My Insurance vs. Their Insurance
When you loan your car to someone, they are also borrowing your insurance. Even if they have their own coverage, California is an at-fault state, which means the person who caused the accident must pay the damages. Your friend’s insurance will be used first, but as we mentioned before, if the coverage amounts are low, the person they hurt could come after your insurance as a backup.
This can lead to a lot of legal confusion and potential bad blood between you and your friend. If their insurance only has the minimum amounts and these don’t cover the medical costs, your friend could file a third-party claim against your insurance to pay the rest. The injured person could also decide to file a claim on your policy.
Finally, if your friend had no insurance at all, you could be forced to file a lawsuit to recover any extra money you have to pay out-of-pocket once your insurance has been exhausted. It can get complicated very quickly, and you could need the help of a qualified attorney to sort it out.
California’s Fault Rule for Accidents
When someone causes a crash in California, they are considered at fault and liable for all resulting damages. Their policy may cover most or all of the expenses, but if it doesn’t, the person who was hurt can seek payment from additional sources. When your friend causes a wreck, they must pay first, but the plaintiff can come after your insurance.
If your friend was in a crash that wasn’t their fault, then you and your friend can seek restitution from the other driver’s insurance or file a lawsuit against them. You can recover both medical expenses and vehicle repair costs this way.
Proving fault can be difficult and requires high-quality evidence to show what happened. A skilled attorney can gather video, photos, accident scene investigation reports, medical bills, witness statements, and other documentation to show who played what part in the crash. This can protect you from paying more than is necessary.

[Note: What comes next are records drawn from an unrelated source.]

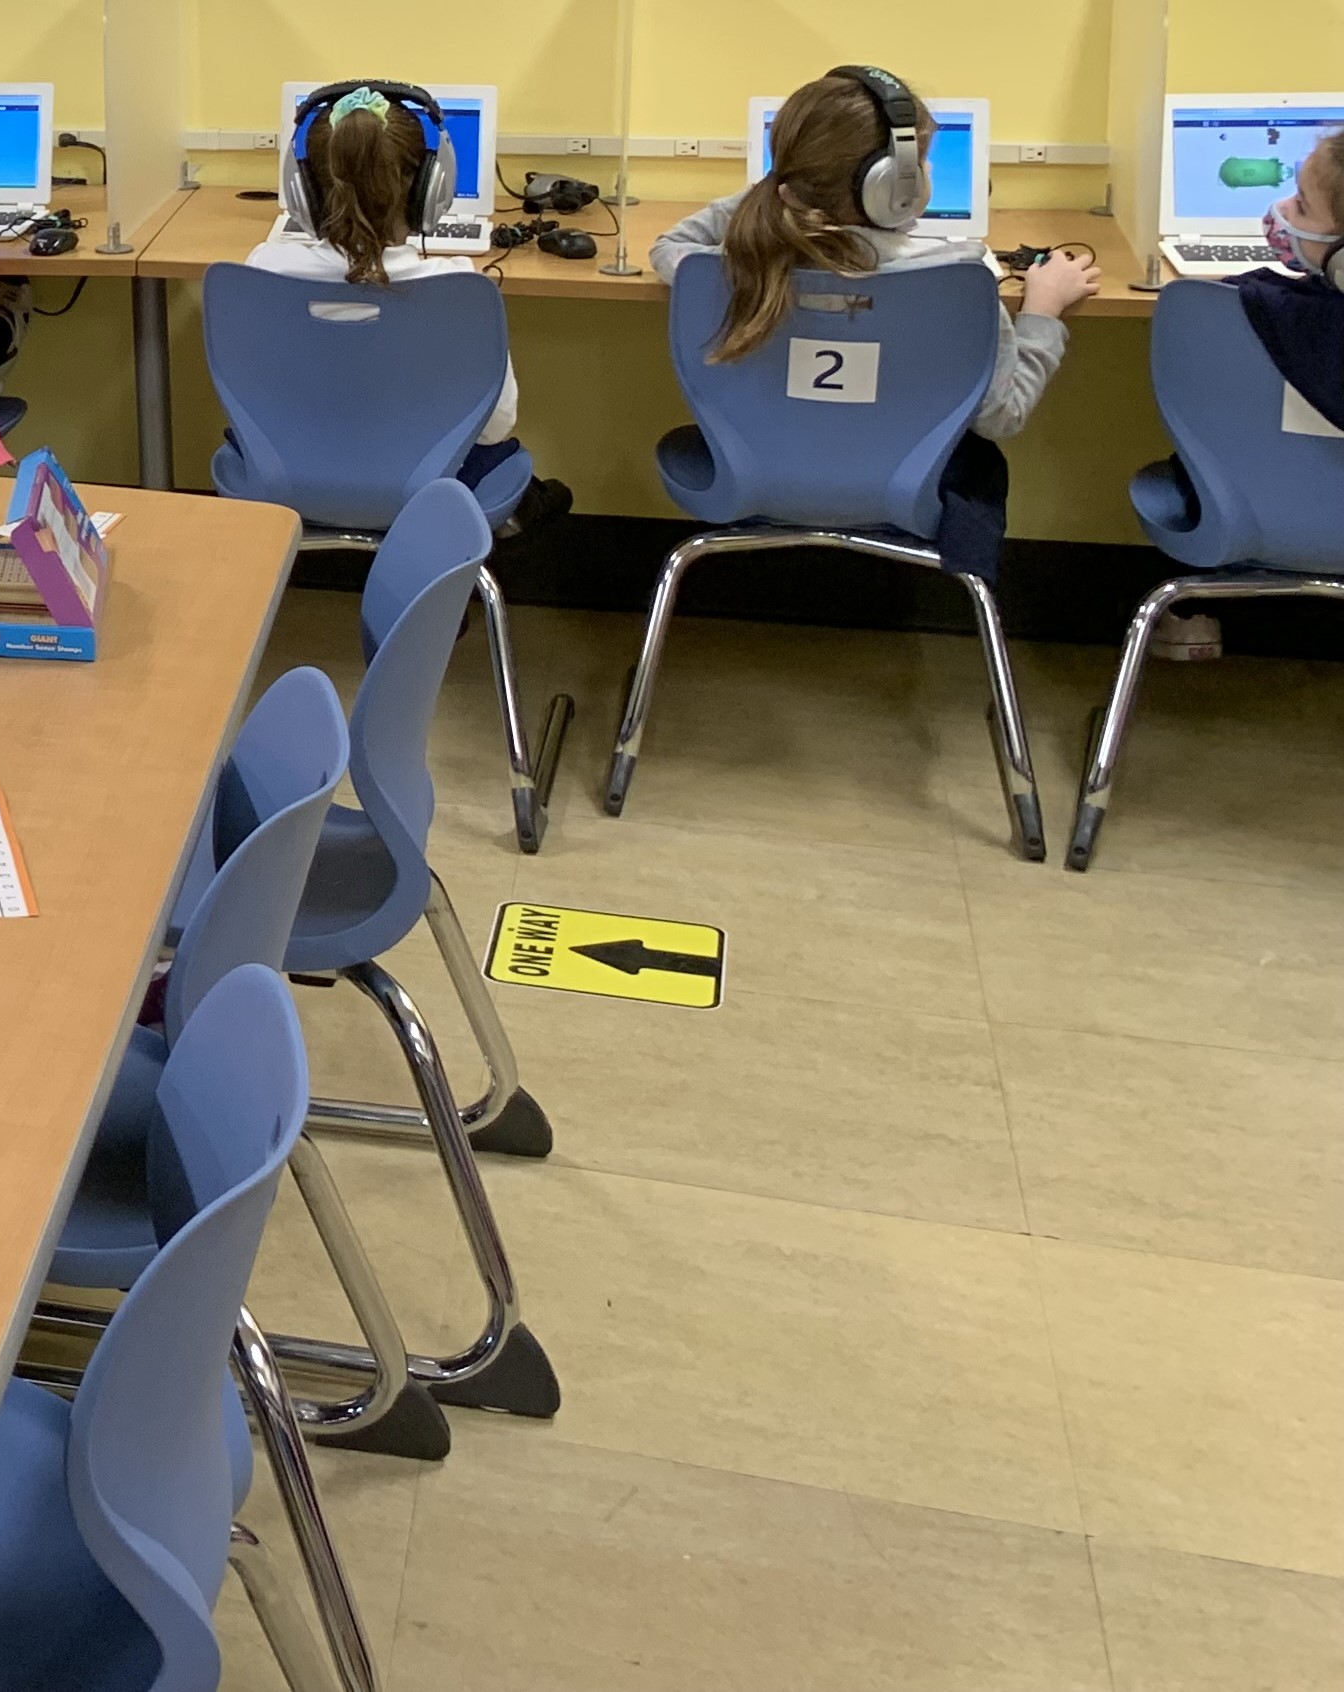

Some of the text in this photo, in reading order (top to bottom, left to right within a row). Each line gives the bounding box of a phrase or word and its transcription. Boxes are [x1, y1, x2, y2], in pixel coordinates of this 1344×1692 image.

[812, 349, 844, 390] 2
[6, 642, 34, 651] Number
[57, 645, 83, 654] Stamps
[30, 634, 59, 644] GIANT
[508, 907, 561, 976] ONE WAY

When Someone Drives Your Car Without Permission
While you are usually aware of when someone else is driving your car, there are some cases where it might be taken without your permission. In these situations, your insurance will not cover any accidents. These instances include:
- You didn’t give them permission: If a friend takes your car, but you told them not to or you didn’t know they took it, their coverage will pay first. However, the injured person may still try to sue you for compensation, and you’ll have to prove you didn’t give the driver permission.

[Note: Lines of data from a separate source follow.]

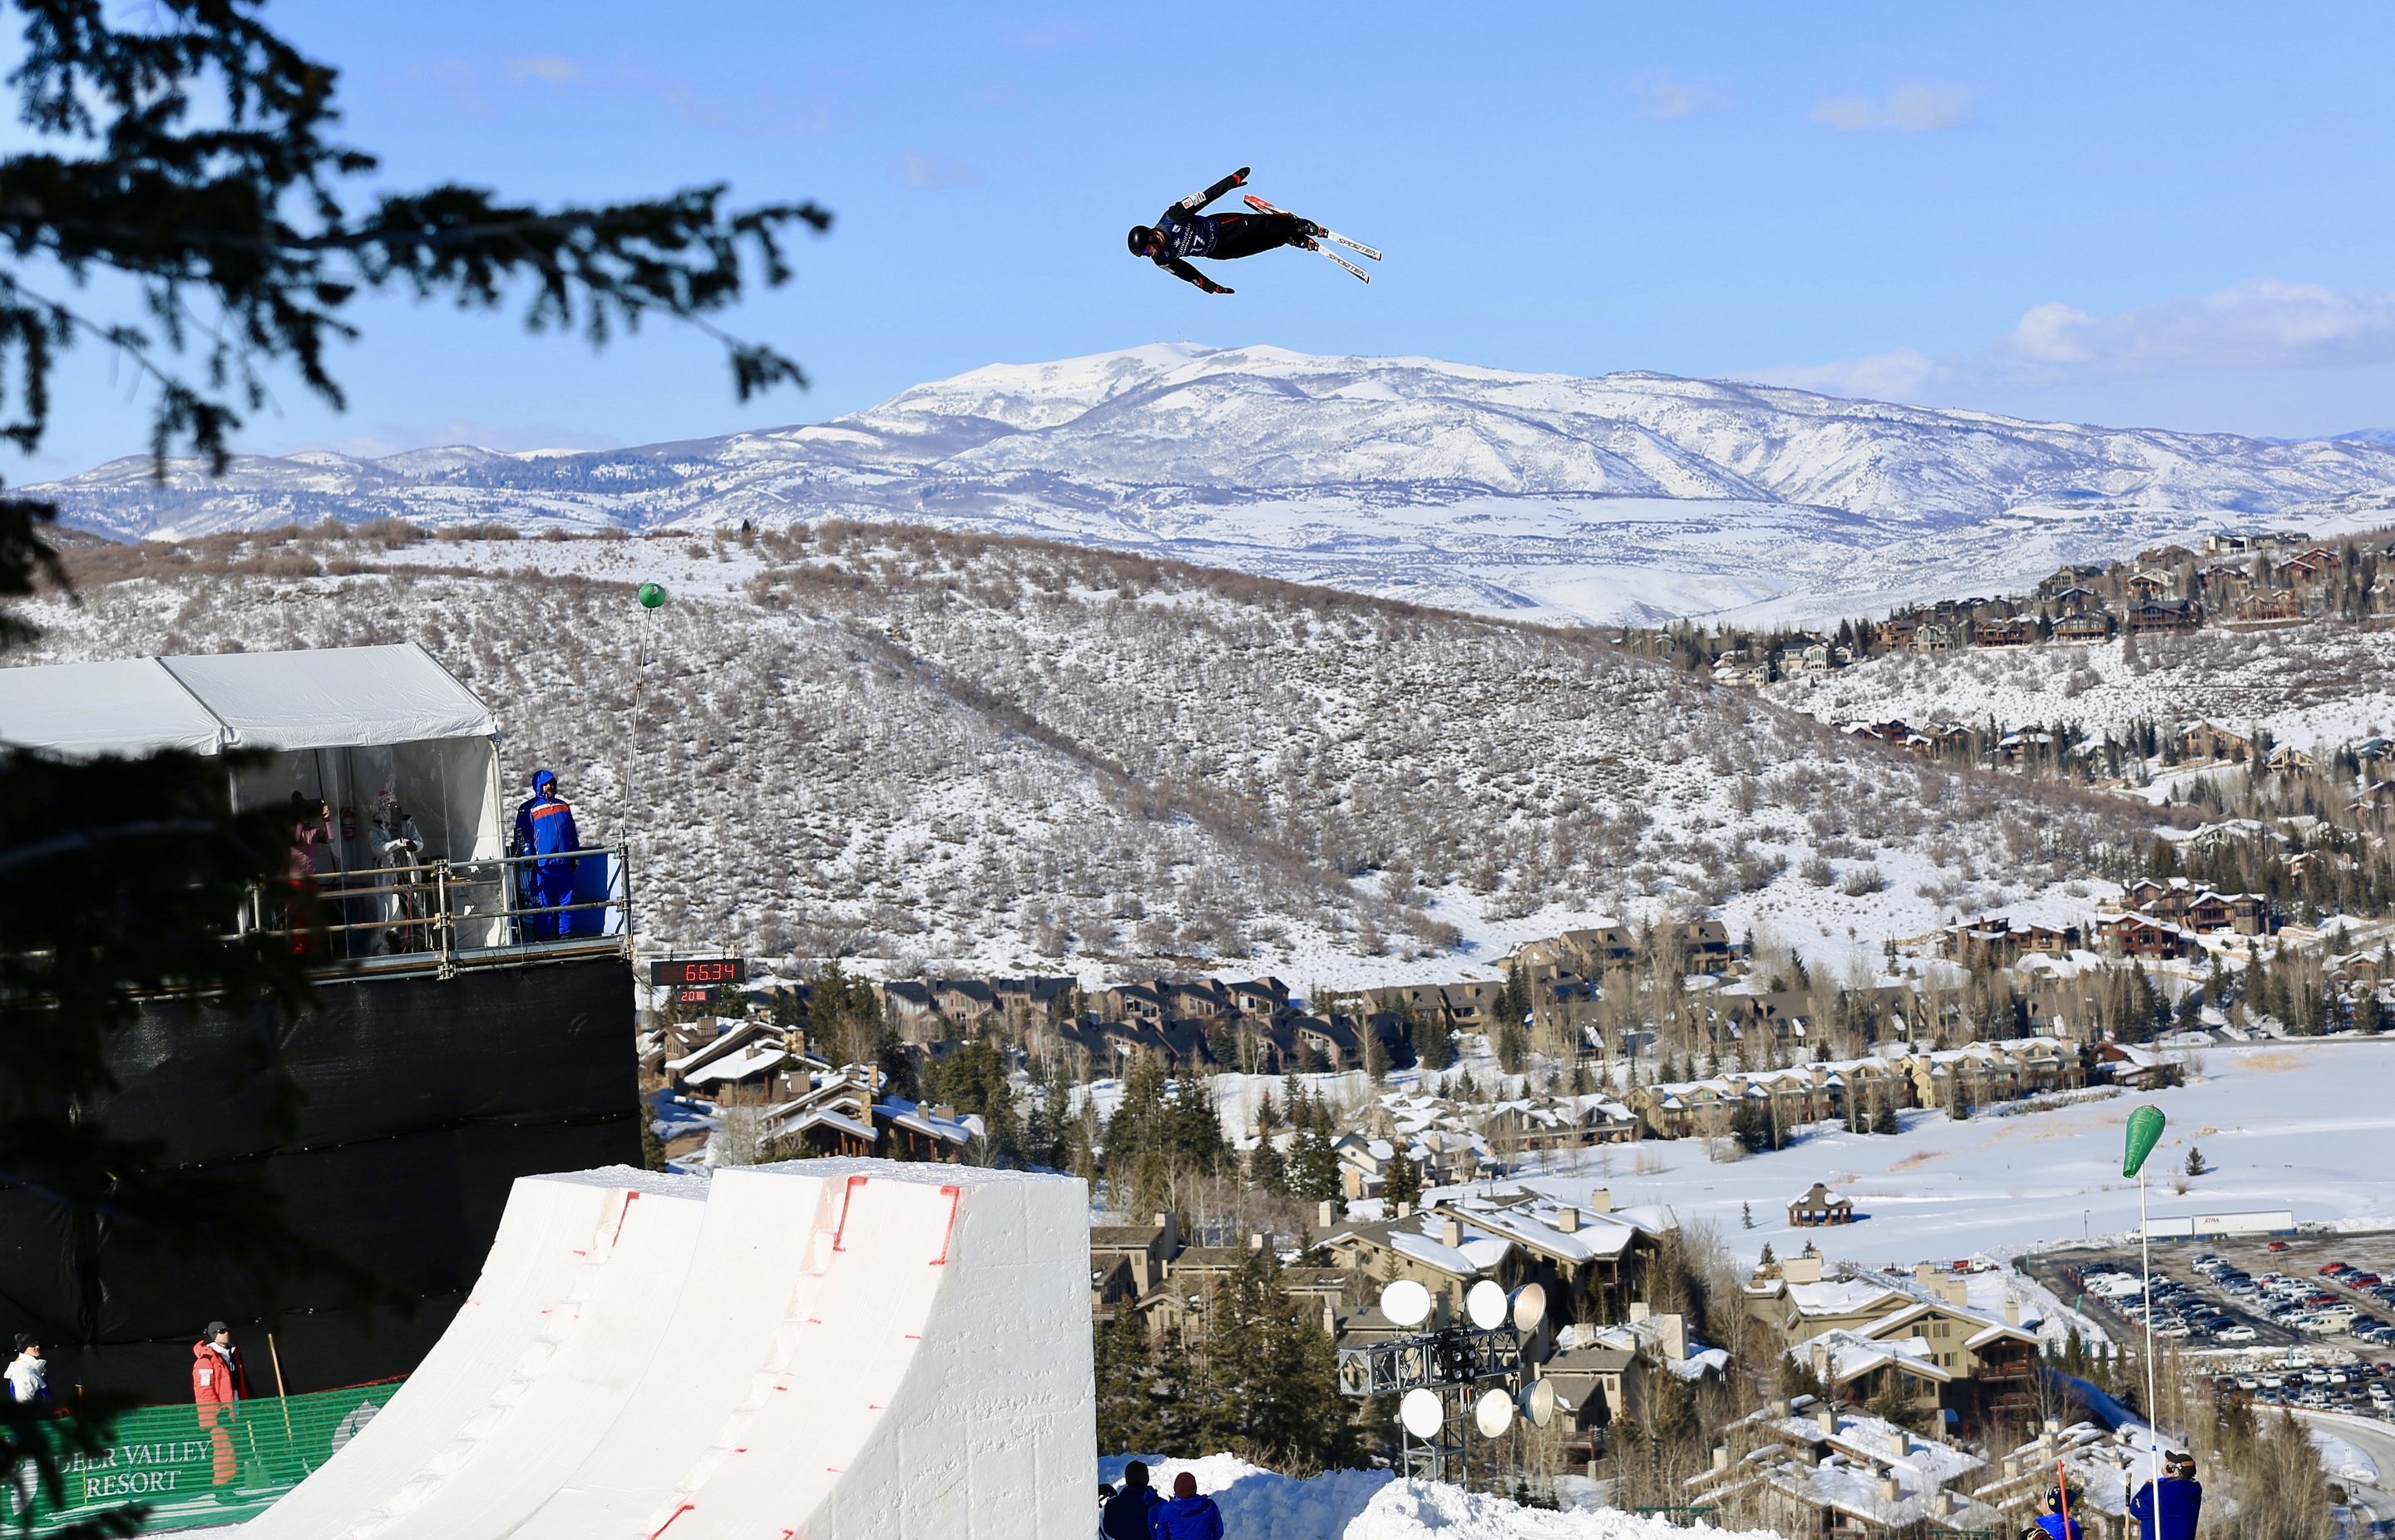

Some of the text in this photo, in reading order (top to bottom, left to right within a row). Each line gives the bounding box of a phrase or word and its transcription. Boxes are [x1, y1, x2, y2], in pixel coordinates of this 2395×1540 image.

[1190, 234, 1206, 253] 17
[1337, 238, 1377, 255] SPORTEN
[1326, 254, 1366, 277] SPORTEN
[686, 964, 734, 980] 66.34
[122, 1440, 213, 1465] VALLEY
[86, 1470, 182, 1498] RESORT

- You’ve excluded the driver from your coverage: You can tell your insurance to exclude someone from your policy. If they take your car, your insurance will not cover their accident.
If Your Car Is Stolen
Whether a friend or a stranger steals your car, if it’s taken without your knowledge or permission, then you are not required to pay any bills. The driver is using it without authorization, so you aren’t responsible for what they do with it. A good way to strengthen your claim that you are not liable for damages is to produce a police report of the theft.
Understand Your Liability With Help From a Reputable Attorney
Perhaps the best advice on letting a friend borrow your car is: don’t. Although they may be someone you trust, you can never predict the circumstances that could lead to a crash. You could be forced to pay bills for an accident you didn’t cause, on top of potentially losing a friend in the insurance fight that might follow.
Regardless of how minor the crash is, you should take steps to understand who is liable by consulting with an experienced personal injury lawyer.